The plane had taken off earlier that afternoon from Great Bend Municipal Airport bound for John C. Tune Airport in West Nashville. The family was headed to the National Cattlemen’s Beef Association convention and trade show at the Opryland Hotel in Nashville.
Glenn Mull, the pilot, 62, was the owner of Mid-Kansas Agri Co. and Mull’s Farms and Feeding, a feed yard near Pawnee Rock. Elaine Mull was 63, Amy Harter was 40, and Sami Harter was 16, according to authorities.
Gibson read a statement to The Eagle, saying, “In light of this tragedy, the family is in the process of coming to terms with the shock of this loss – and also addressing the immediate needs and concerns of the employees, business and community.”
An additional statement was later read by Jeanine Haynes, Glenn Mull’s sister, during a teleconference call among employees, family and media.
“On Monday evening just outside Nashville, Tenn., our family suffered a horrific loss with the deaths of Glenn and Elaine, their daughter, Amy, and granddaughter, Samantha,” Haynes said. “The tremendous void left in the ashes of the crash will be a stinging reminder in the days to come of the ones taken too soon.”
Haynes described her missing family members as “the very thread that weaved the heartbeat of this family” and said that each individually represented “love, humility and generosity.”
In the statement, Haynes said Mull’s family of employees should not expect to lose employment “or any business plans to be thwarted due to their tragic passing. Immediate efforts are being finalized (to) cover the day-to-day responsibilities that Glenn, Elaine and Amy shouldered.”

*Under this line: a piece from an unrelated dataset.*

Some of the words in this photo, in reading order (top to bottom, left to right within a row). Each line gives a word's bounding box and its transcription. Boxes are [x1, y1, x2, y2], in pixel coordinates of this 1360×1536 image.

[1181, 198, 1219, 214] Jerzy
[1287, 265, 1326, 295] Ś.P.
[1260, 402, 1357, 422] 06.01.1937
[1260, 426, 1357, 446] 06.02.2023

She also said the surviving Mull family members are asking for privacy.
“My heart goes out to the entire Mull family during this difficult time,” U.S. Sen. Jerry Moran, R-Kan., said in a statement. “Glenn was a devoted husband, father and grandfather. Both he and his wife Elaine were well-known for their generous spirit and commitment to improving Pawnee County.

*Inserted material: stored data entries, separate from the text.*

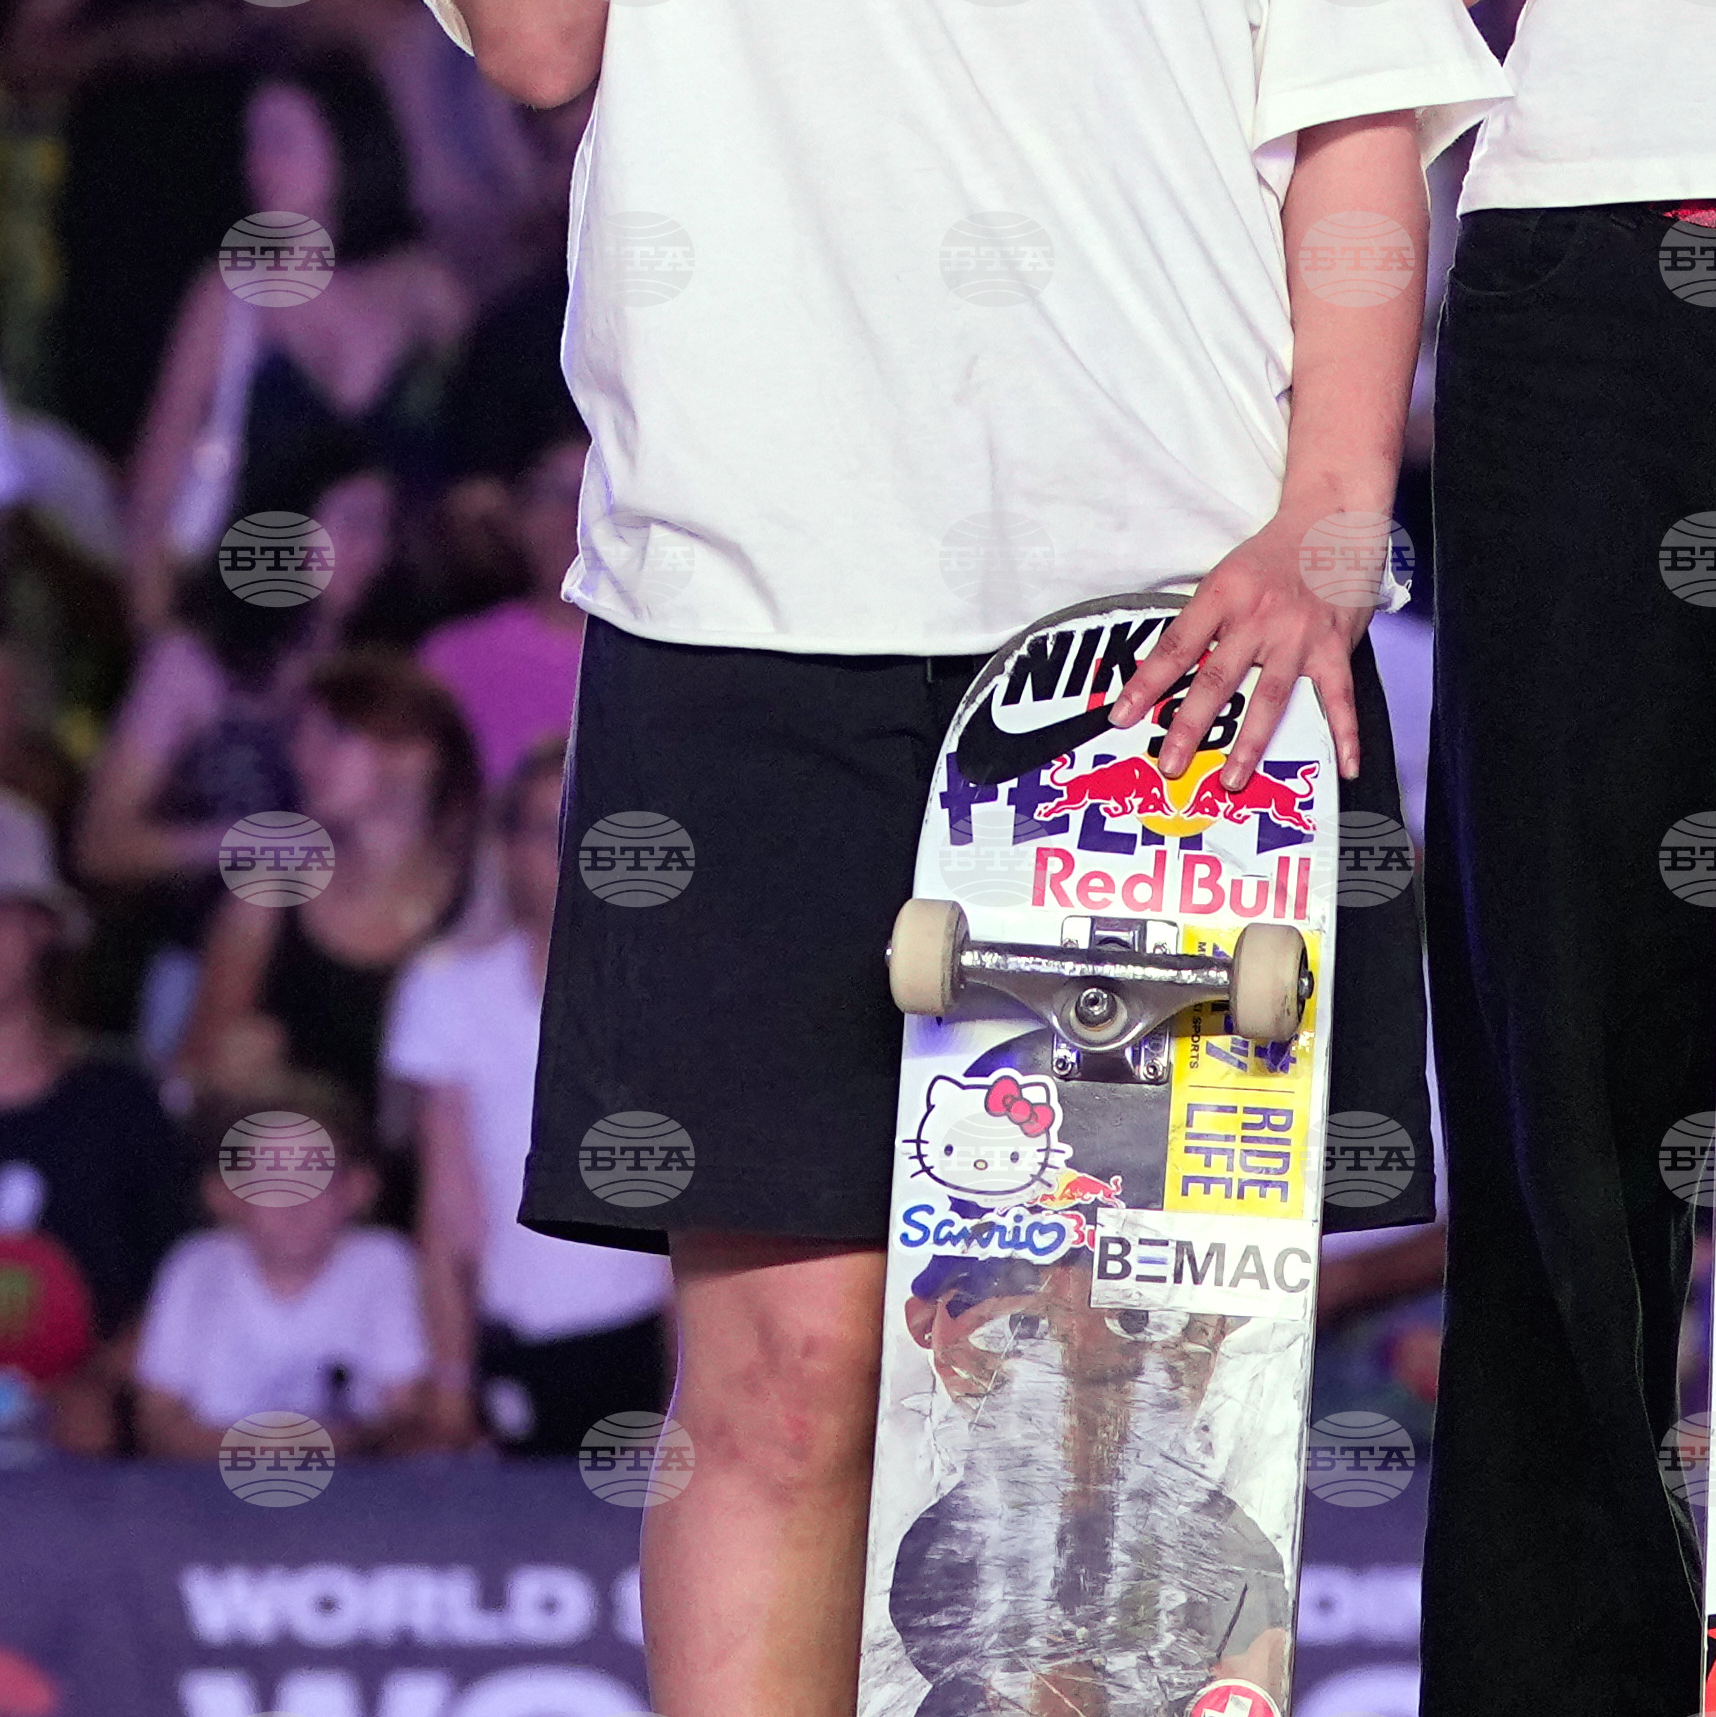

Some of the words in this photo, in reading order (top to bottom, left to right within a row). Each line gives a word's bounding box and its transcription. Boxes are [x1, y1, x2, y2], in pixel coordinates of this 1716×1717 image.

[1001, 616, 1183, 707] NIK
[1031, 847, 1167, 913] Red
[1179, 853, 1311, 921] Bull
[1181, 1102, 1238, 1201] LIFE
[1236, 1106, 1294, 1202] RIDE
[1098, 1235, 1312, 1294] BEMAC
[181, 1561, 599, 1648] WORLD

“Glenn, Elaine, their daughter Amy and granddaughter Samantha will be greatly missed. I ask all Kansans to join me in keeping their family and friends in our thoughts and prayers during the days ahead.”
Larned Mayor Bob Pivonka said the Mulls were well-known and respected in the area.
“Glenn has been very successful in the cattle business and everything else,” Pivonka said. “He was real involved in the cattle operation and civic affairs in Larned. …
“This is going to be a real loss to our community.”
Roger Brining, a Great Bend farmer and pilot, said Tuesday that he had known the Mull family for years.
“We know them from church relationships and community interests,” Brining said. “They are heavily involved in church activities and putting on the annual Easter sunrise service at Pawnee Rock.”
Late Monday afternoon, the Mulls’ plane missed its first approach to the airport and was preparing for a second try when it crashed, leaving a stream of debris for up to about 80 yards, police said. The plane nearly struck a crowded community health center and retirement village.
“Something caused it to be very low,” said Nashville police spokesman Don Aaron. “There is a report that it maybe banked just a bit, impacted the trees, and went down in that yard beside the YMCA.”
The FAA and the National Transportation Safety Board are investigating the crash.
The crash, which damaged cars in the YMCA’s parking lot, could have killed dozens of people inside the building, said Jessica Fain, a spokeswoman for the YMCA of Middle Tennessee.
“Although members do not check out when leaving our facilities, scan reports indicate that as many as 300 people likely entered the building” before the crash, Fain said.
Area resident Tim Dial said he was watching a movie with his wife when he heard the buzzing plane overhead fall silent, followed by a loud explosion. Outside, he saw a thick plume of smoke and towering flames.
“It’s a miracle it didn’t hit anything,” he said.